L’Università degli Studi di Perugia si distingue con 14 docenti del Dipartimento di Medicina e Chirurgia inclusi nella prestigiosa classifica Best Scientists 2024. Questa graduatoria internazionale valuta il lavoro accademico delle scienziate e degli scienziati di tutto il mondo, misurando l’impatto scientifico di ciascun autore sulla base del numero di pubblicazioni e delle citazioni ricevute. Tra i docenti premiati figurano Giuseppe Ambrosio per la Medicina, Silvia Bozza per la Microbiologia e Cinzia Costa per le Neuroscienze.

I docenti insigniti sono:

  • Giuseppe Ambrosio per la Medicina, selezionato tra 70.665 scienziati.
  • Silvia Bozza per la Microbiologia, con 44.555 colleghi esaminati.
  • Cinzia Costa per le Neuroscienze, tra 30.076 scienziati.
  • Massimiliano Di Filippo per le Neuroscienze.
  • Francesca Fallarino per l’Immunologia, tra 11.977 ricercatori.
  • Stefano Fiorucci per la Medicina.
  • Roberto Gerli per l’Immunologia.
  • Patrizia Mecocci per la Medicina.
  • Antonella Mencacci per la Microbiologia.
  • Lucilla Parnetti per la Medicina.
  • Carlo Perricone per la Microbiologia.
  • Andrea Raballo per la Psicologia.
  • Alessandro Tozzi per le Neuroscienze.
  • Teresa Zelante per la Microbiologia.

Il rettore, Maurizio Oliviero, ha espresso il suo orgoglio per questo riconoscimento, affermando: “L’inclusione di ben 14 tra scienziate e scienziati dell’Università degli Studi di Perugia nel prestigioso novero dei Best Scientists 2024 costituisce per il nostro Ateneo motivo di lustro e di orgoglio, nonché ulteriore testimonianza della qualità, riconosciuta a livello internazionale, dell’attività di ricerca condotta nei nostri laboratori”.
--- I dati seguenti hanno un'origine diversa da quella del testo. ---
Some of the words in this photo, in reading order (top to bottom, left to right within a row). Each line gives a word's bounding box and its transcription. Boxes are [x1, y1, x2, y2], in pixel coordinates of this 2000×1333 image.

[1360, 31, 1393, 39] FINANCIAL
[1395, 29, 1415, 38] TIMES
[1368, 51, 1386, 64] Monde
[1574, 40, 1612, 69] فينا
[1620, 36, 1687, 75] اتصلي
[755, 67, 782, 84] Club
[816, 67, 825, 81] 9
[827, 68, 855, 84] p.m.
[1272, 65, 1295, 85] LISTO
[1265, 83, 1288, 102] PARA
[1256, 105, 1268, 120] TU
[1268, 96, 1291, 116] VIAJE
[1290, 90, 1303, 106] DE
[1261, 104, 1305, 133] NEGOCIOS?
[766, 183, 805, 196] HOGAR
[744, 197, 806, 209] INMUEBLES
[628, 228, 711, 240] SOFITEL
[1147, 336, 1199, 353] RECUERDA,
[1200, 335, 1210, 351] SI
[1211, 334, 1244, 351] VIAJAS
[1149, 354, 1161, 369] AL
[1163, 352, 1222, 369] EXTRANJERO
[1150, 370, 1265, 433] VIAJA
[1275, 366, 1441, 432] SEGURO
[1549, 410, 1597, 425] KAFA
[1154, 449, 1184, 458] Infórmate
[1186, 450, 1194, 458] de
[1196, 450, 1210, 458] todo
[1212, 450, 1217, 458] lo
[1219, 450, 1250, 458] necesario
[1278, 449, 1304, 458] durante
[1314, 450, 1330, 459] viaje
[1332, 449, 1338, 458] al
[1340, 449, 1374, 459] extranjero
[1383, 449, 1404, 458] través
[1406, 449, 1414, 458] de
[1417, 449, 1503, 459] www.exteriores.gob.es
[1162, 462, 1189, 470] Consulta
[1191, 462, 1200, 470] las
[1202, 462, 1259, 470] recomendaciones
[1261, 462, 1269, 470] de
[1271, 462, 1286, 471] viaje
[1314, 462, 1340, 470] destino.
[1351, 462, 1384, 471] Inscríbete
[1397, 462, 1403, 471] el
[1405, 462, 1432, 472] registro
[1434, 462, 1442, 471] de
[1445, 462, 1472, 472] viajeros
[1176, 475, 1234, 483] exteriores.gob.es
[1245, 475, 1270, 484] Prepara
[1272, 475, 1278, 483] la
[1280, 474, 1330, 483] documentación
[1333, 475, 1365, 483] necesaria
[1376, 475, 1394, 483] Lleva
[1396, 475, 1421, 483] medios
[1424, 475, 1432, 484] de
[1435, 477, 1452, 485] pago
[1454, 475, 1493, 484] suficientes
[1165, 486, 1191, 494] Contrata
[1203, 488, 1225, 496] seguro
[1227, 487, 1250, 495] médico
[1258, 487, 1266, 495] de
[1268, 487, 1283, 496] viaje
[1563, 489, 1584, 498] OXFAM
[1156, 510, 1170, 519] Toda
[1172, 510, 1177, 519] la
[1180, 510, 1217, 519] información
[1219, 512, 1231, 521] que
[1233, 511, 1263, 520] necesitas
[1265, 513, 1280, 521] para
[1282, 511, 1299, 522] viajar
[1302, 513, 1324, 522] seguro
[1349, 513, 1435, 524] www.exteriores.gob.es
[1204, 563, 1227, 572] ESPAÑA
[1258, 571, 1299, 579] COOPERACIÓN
Oliviero ha inoltre sottolineato l’importanza della ricerca scientifica per il benessere delle persone e la crescita del territorio, evidenziando il continuo impegno dell’università nel promuovere talento, dedizione e impegno. “Questo risultato straordinario riflette l’eccezionale talento e dedizione del nostro team e conferma anche l’eccellenza e l’impatto globale delle nostre attività di ricerca”, ha dichiarato Vincenzo Nicola Talesa, direttore del Dipartimento di Medicina e Chirurgia.